Exercise: Once the line containing "this 2352×1568 image." is found, please copy it and all lines after it through the end of the records, exactly, leaving out pictures.

Data:
/---

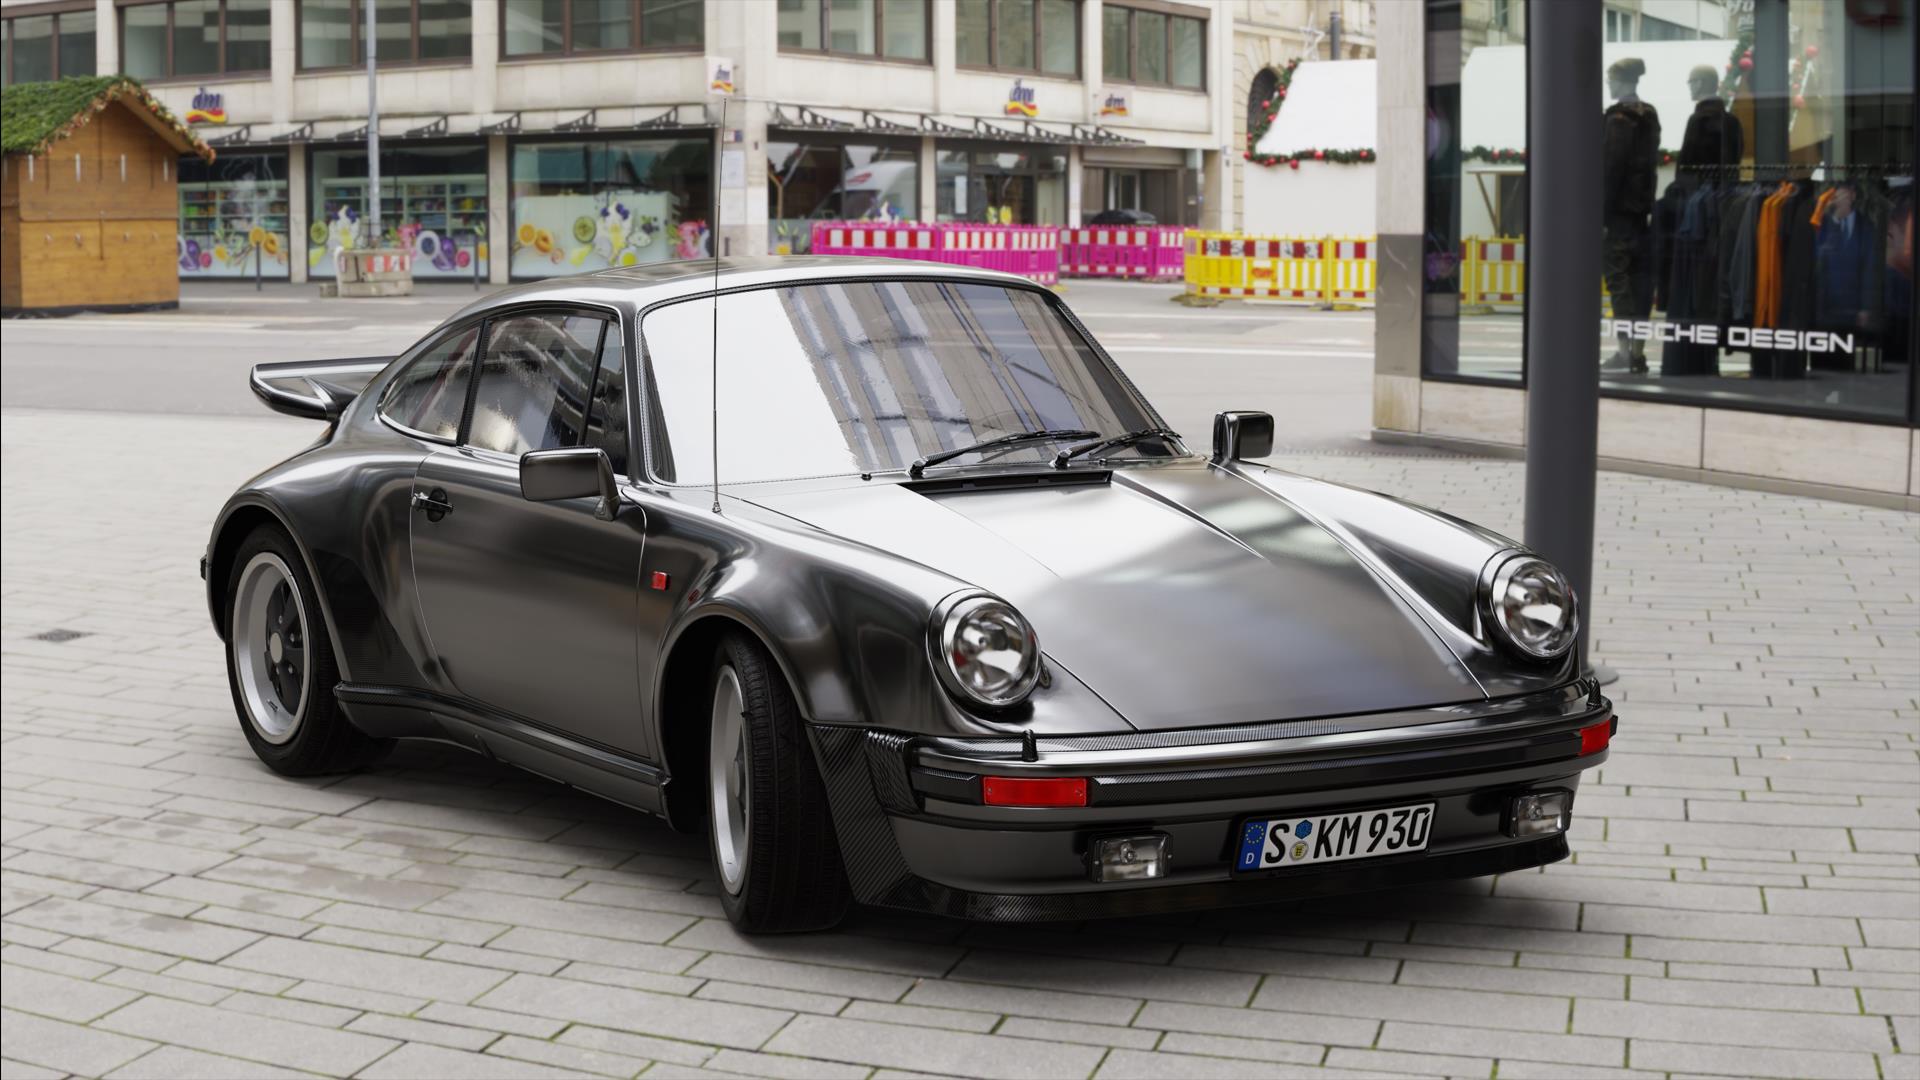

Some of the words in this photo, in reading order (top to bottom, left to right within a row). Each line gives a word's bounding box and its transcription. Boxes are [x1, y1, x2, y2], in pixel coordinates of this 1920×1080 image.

[192, 87, 222, 109] dm
[1009, 79, 1034, 102] dm
[1600, 318, 1718, 345] ORSCHE
[1727, 325, 1854, 354] DESIGN
[1264, 822, 1290, 864] S
[1313, 815, 1363, 859] KM
[1366, 806, 1431, 853] 930
[1245, 852, 1255, 865] D
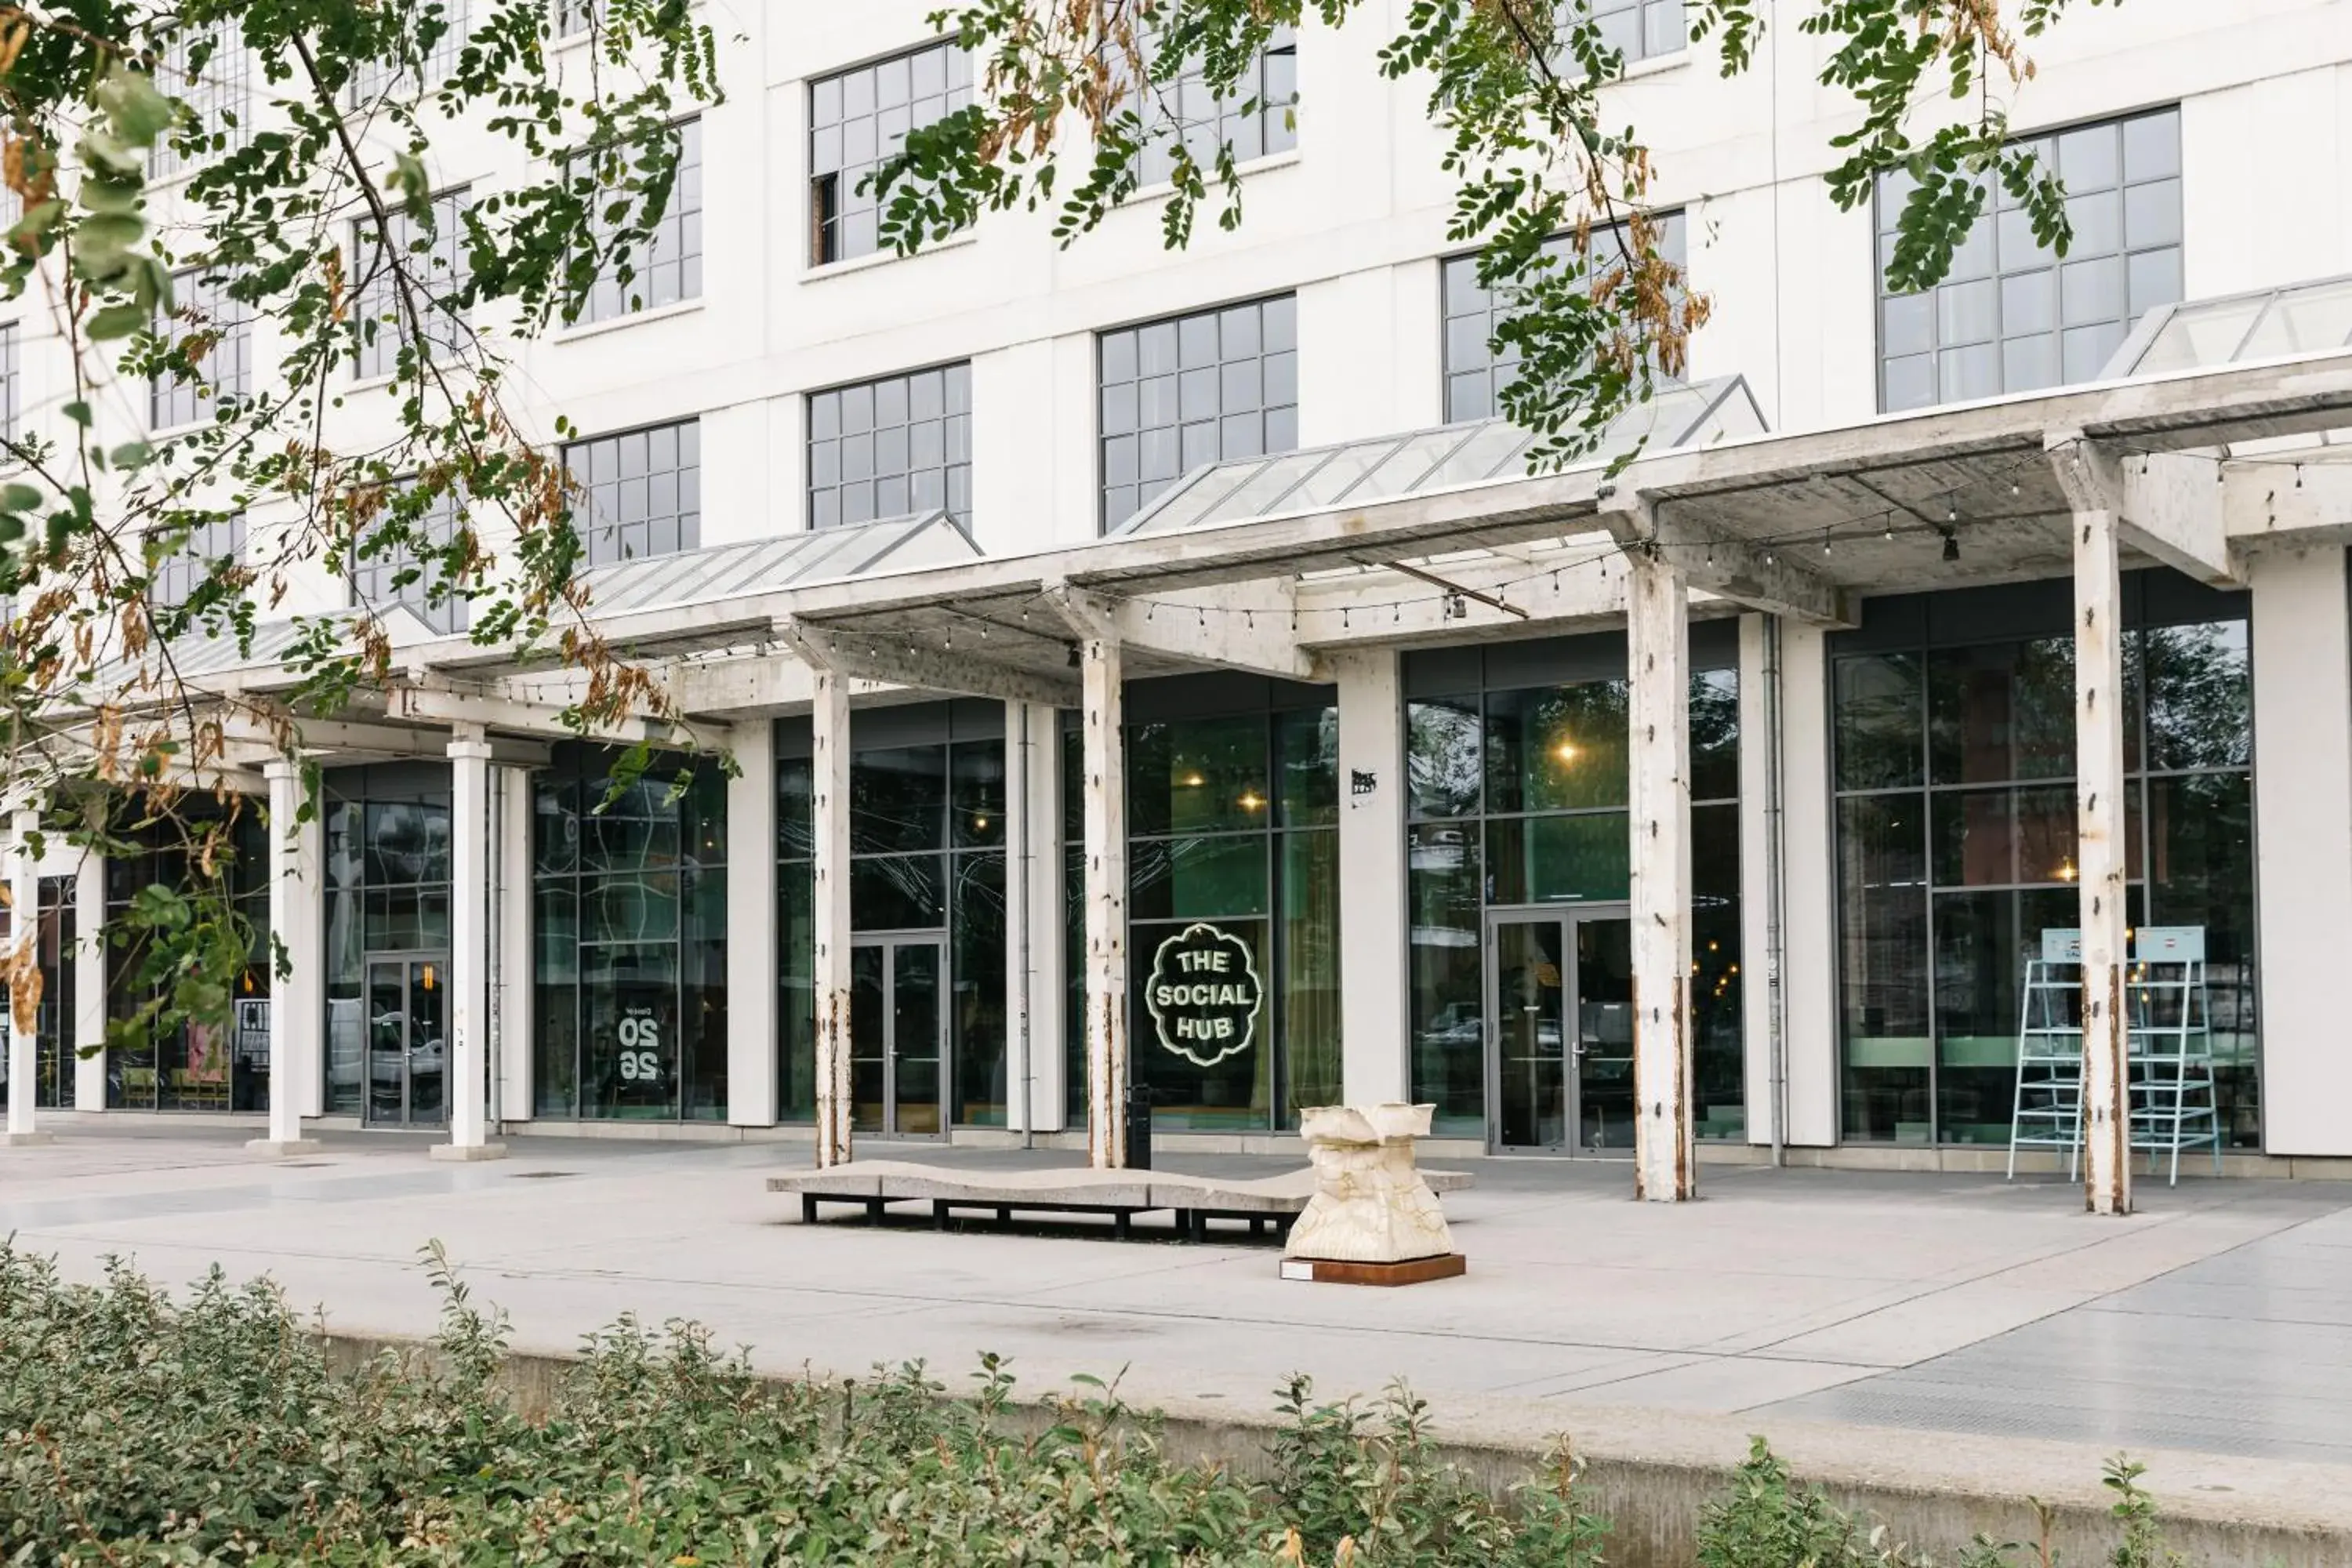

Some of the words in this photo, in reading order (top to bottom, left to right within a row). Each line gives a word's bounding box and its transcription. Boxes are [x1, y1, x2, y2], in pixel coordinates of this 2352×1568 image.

[1176, 950, 1231, 973] THE
[1156, 983, 1254, 1006] SOCIAL
[1177, 1017, 1234, 1040] HUB
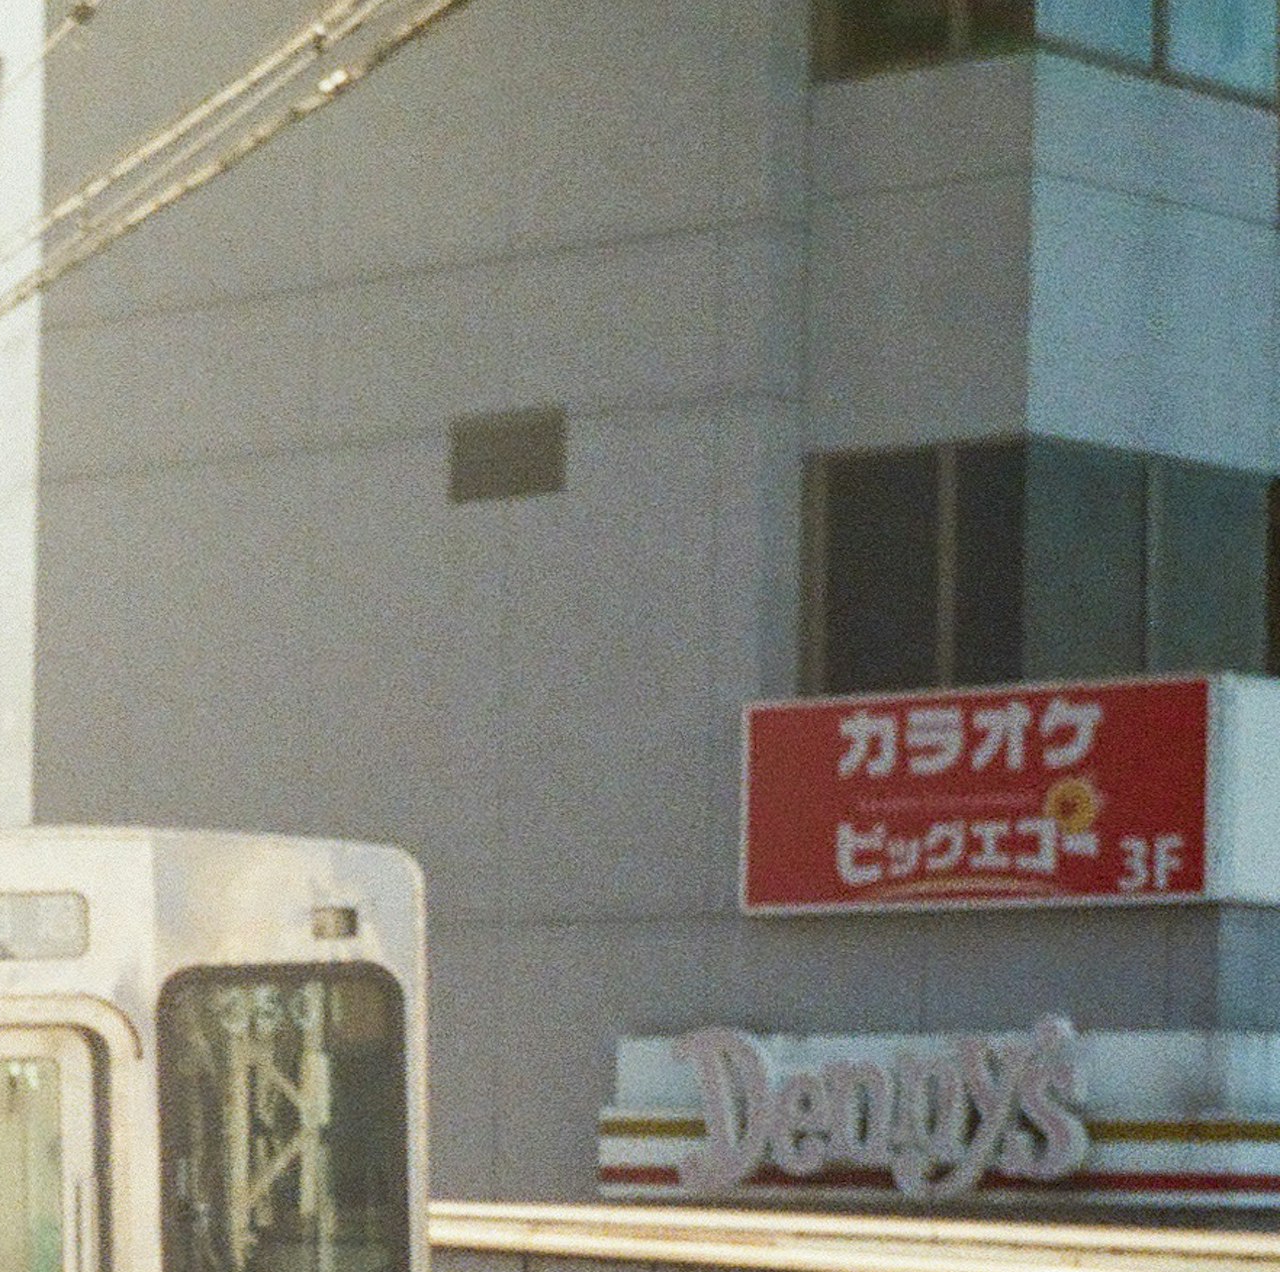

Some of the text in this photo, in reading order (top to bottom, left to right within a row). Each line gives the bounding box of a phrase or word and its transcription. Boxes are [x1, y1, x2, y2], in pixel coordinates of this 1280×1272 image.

[839, 699, 1102, 777] カラオケ
[1119, 834, 1183, 890] 3F
[676, 1015, 1090, 1199] Denny's

\---

Exercise output:
Some of the words in this photo, in reading order (top to bottom, left to right within a row). Each line gives a word's bounding box and its transcription. Boxes are [x1, y1, x2, y2], in pixel coordinates of this 2352×1568 image.

[1176, 950, 1231, 973] THE
[1156, 983, 1254, 1006] SOCIAL
[1177, 1017, 1234, 1040] HUB

Some of the text in this photo, in reading order (top to bottom, left to right within a row). Each line gives the bounding box of a phrase or word and its transcription. Boxes are [x1, y1, x2, y2], in pixel coordinates of this 1280×1272 image.

[839, 699, 1102, 777] カラオケ
[1119, 834, 1183, 890] 3F
[676, 1015, 1090, 1199] Denny's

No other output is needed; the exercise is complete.